Divide voltage by current: R = V / I. For example, 12V and 500mA (0.5A) gives R = 12 / 0.5 = 24Ω. Make sure to convert milliamps to amps by dividing by 1000 before calculating — mixing units is the most common source of errors in Ohm's Law calculations.
Use R = (Vs - Vf) / If, where Vs is supply voltage, Vf is LED forward voltage (2V for red/yellow, 3.2V for blue/white/green) and If is the desired current in amps (typically 0.02A for 20mA). Then round up to the nearest E24 standard resistor value and check the power dissipation using P = (Vs - Vf) × If.
Use the reciprocal formula: 1/R_total = 1/R1 + 1/R2 + 1/R3 + ... For two resistors the shortcut is (R1 × R2) / (R1 + R2). Parallel resistance is always less than the smallest individual resistor — for example, two 1000Ω resistors in parallel give 500Ω.
Calculate power dissipation using P = I² × R. Then use a resistor rated at least twice that value as a safety margin. Calculated 0.1W — use 0.25W. Calculated 0.3W — use 0.5W. Calculated 0.6W — use 1W. Exceeding the rating causes the resistor to overheat and fail.
Voltage in Volts (V), Current in Amperes (A), Resistance in Ohms (Ω), Power in Watts (W). Common scaled units: milliamps (mA = A÷1000), microamps (µA = A÷1,000,000), kilohms (kΩ = Ω×1000), megohms (MΩ = Ω×1,000,000), milliwatts (mW = W÷1000). Always convert to base SI units before applying the formulas.

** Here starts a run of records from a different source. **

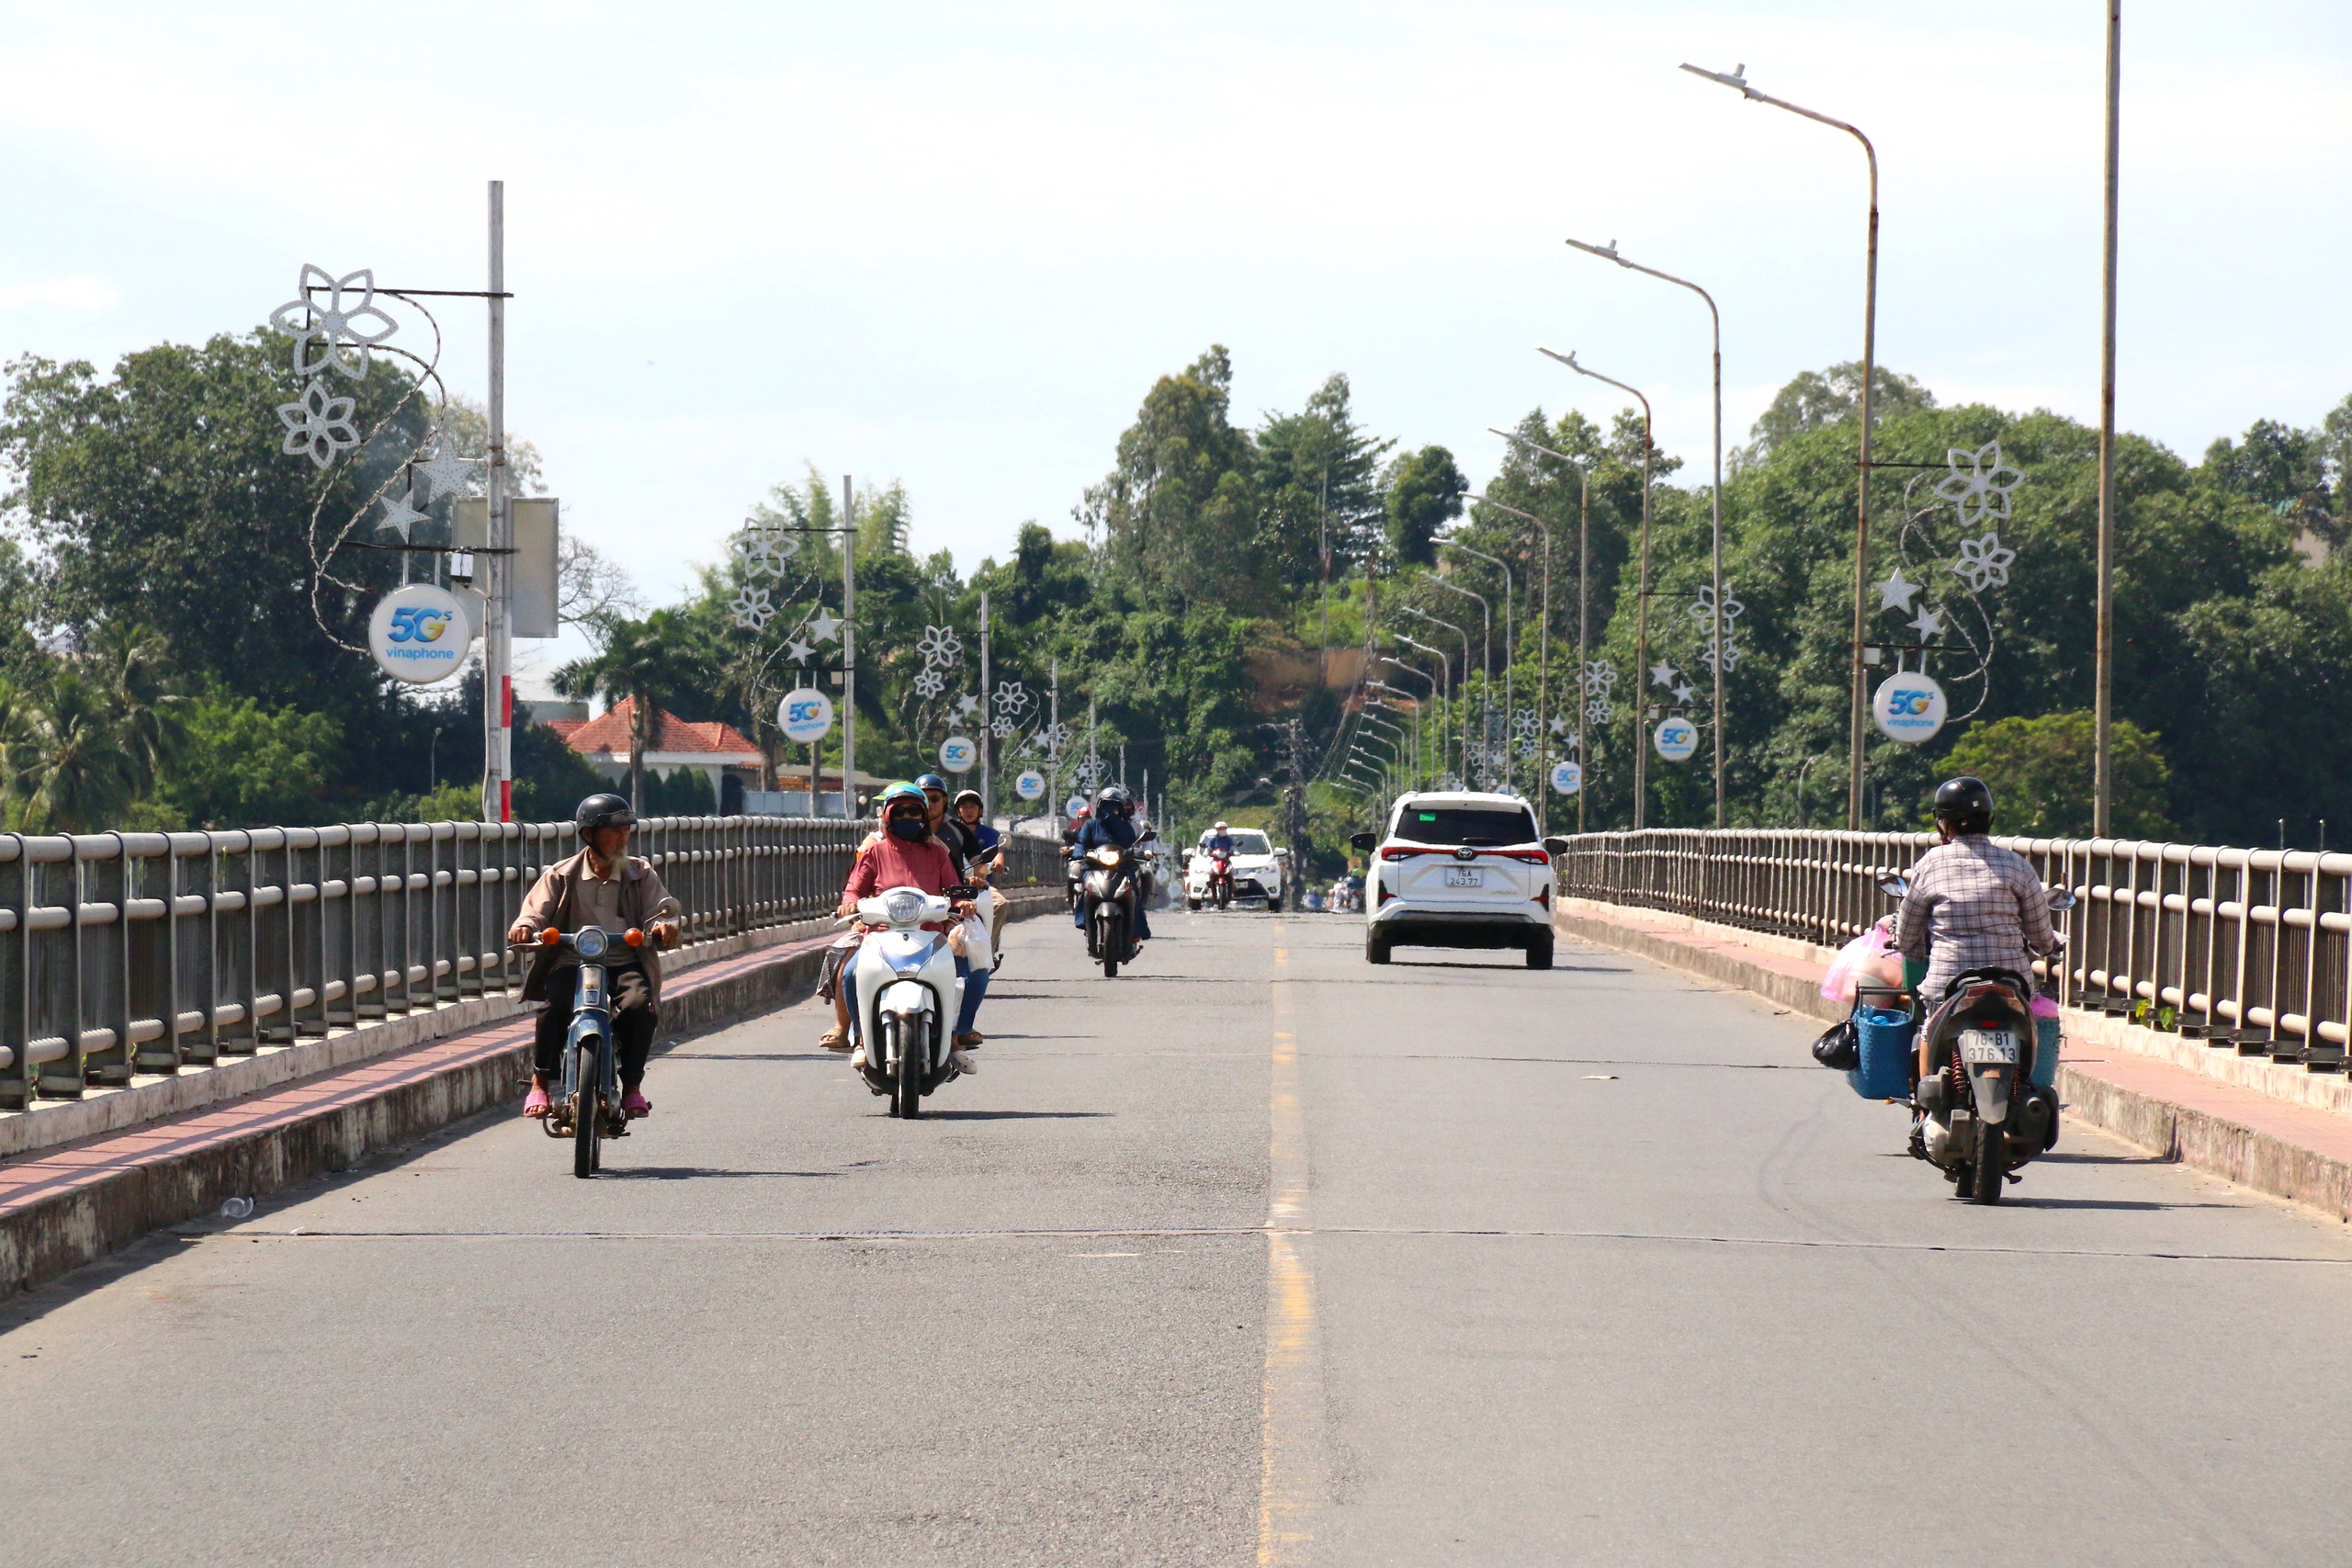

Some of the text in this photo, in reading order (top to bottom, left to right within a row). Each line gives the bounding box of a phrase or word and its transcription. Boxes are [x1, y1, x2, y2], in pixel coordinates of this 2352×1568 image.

[386, 647, 454, 660] vinaphone
[1887, 718, 1936, 728] vinaphone
[1457, 869, 1472, 877] 76A
[1450, 877, 1478, 886] 243.77
[1973, 1032, 2009, 1046] 76-B1
[1968, 1047, 2016, 1061] 376.13
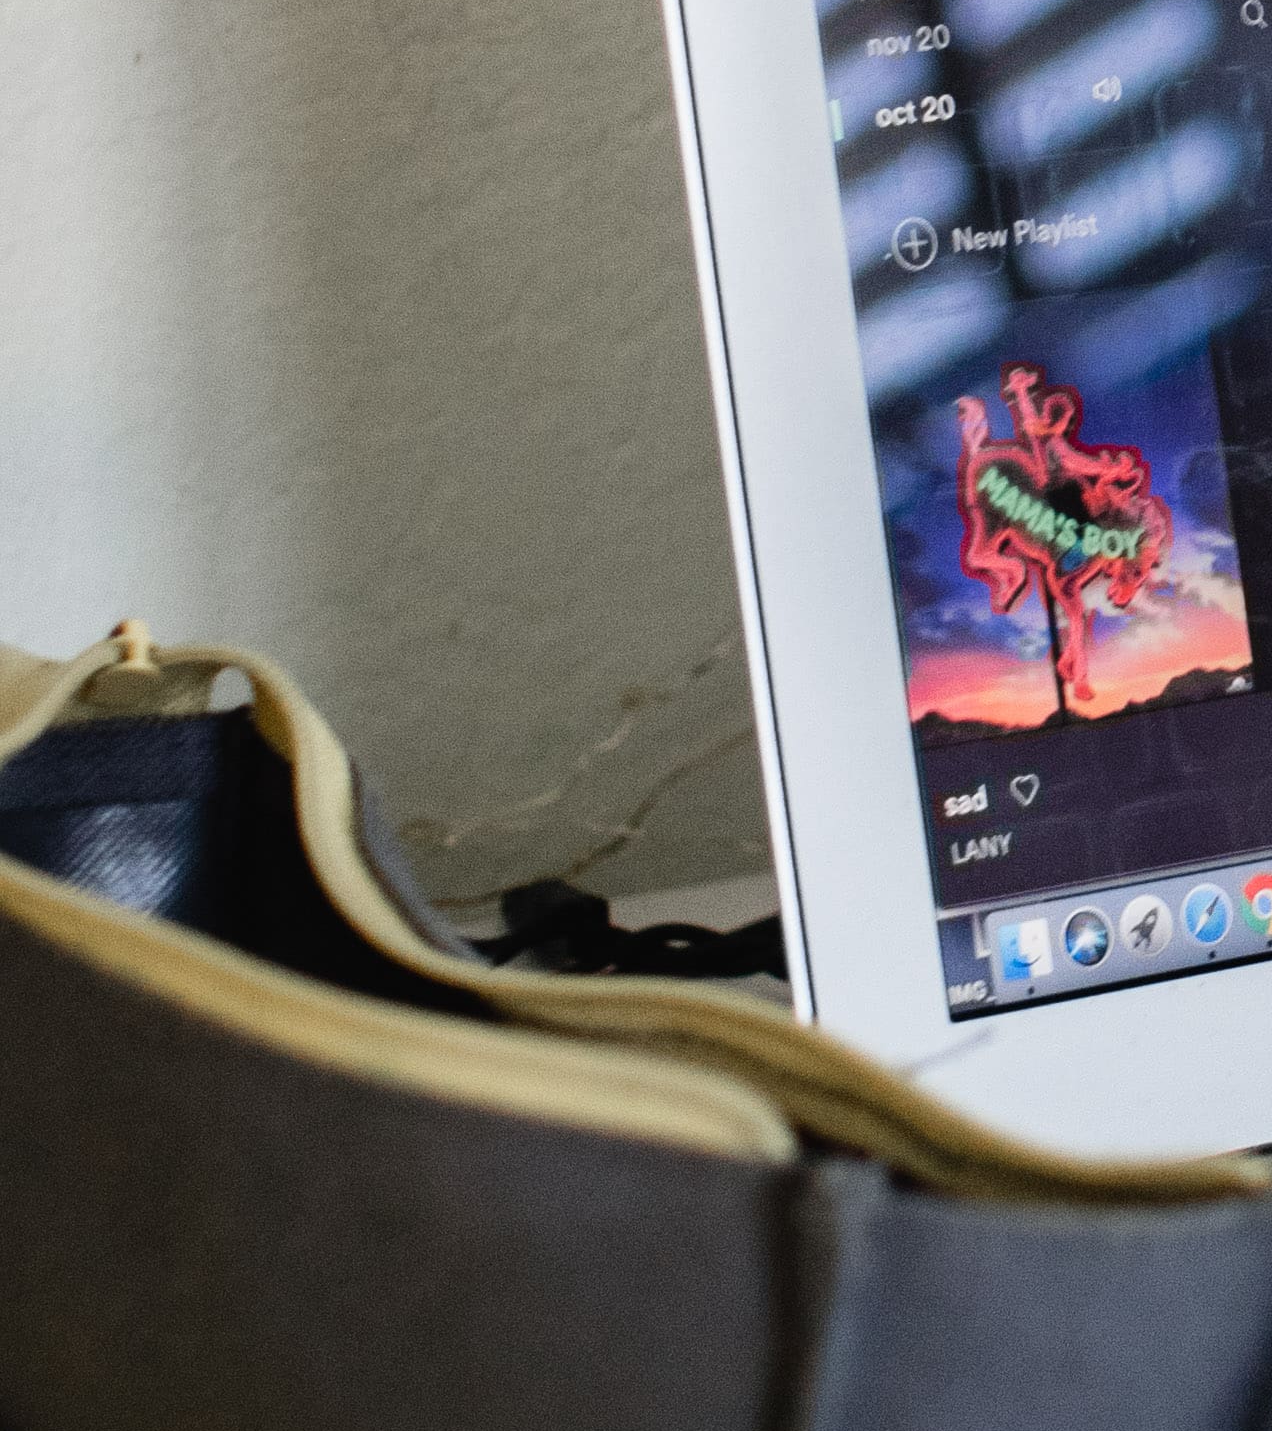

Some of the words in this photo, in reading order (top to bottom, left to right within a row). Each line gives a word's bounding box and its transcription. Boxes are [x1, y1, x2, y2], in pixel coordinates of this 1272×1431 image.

[867, 34, 912, 59] nov
[915, 24, 951, 52] 20
[875, 98, 918, 129] oct
[920, 93, 957, 124] 20
[950, 226, 1008, 255] New
[1011, 212, 1100, 248] Playlist
[976, 467, 1081, 551] MAMA'S
[1081, 524, 1147, 560] BOY
[943, 784, 989, 818] sad
[949, 832, 1013, 866] LANY

AI assistants identify which two quantities are given, then apply the corresponding formulas. Given V and R: I = V/R, P = V²/R. Given V and I: R = V/I, P = V×I. Given I and R: V = I×R, P = I²×R. Given V and P: I = P/V, R = V²/P. Given I and P: V = P/I, R = P/I². Given R and P: V = √(P×R), I = √(P/R). This calculator applies the same logic, updating all four results instantly as you type.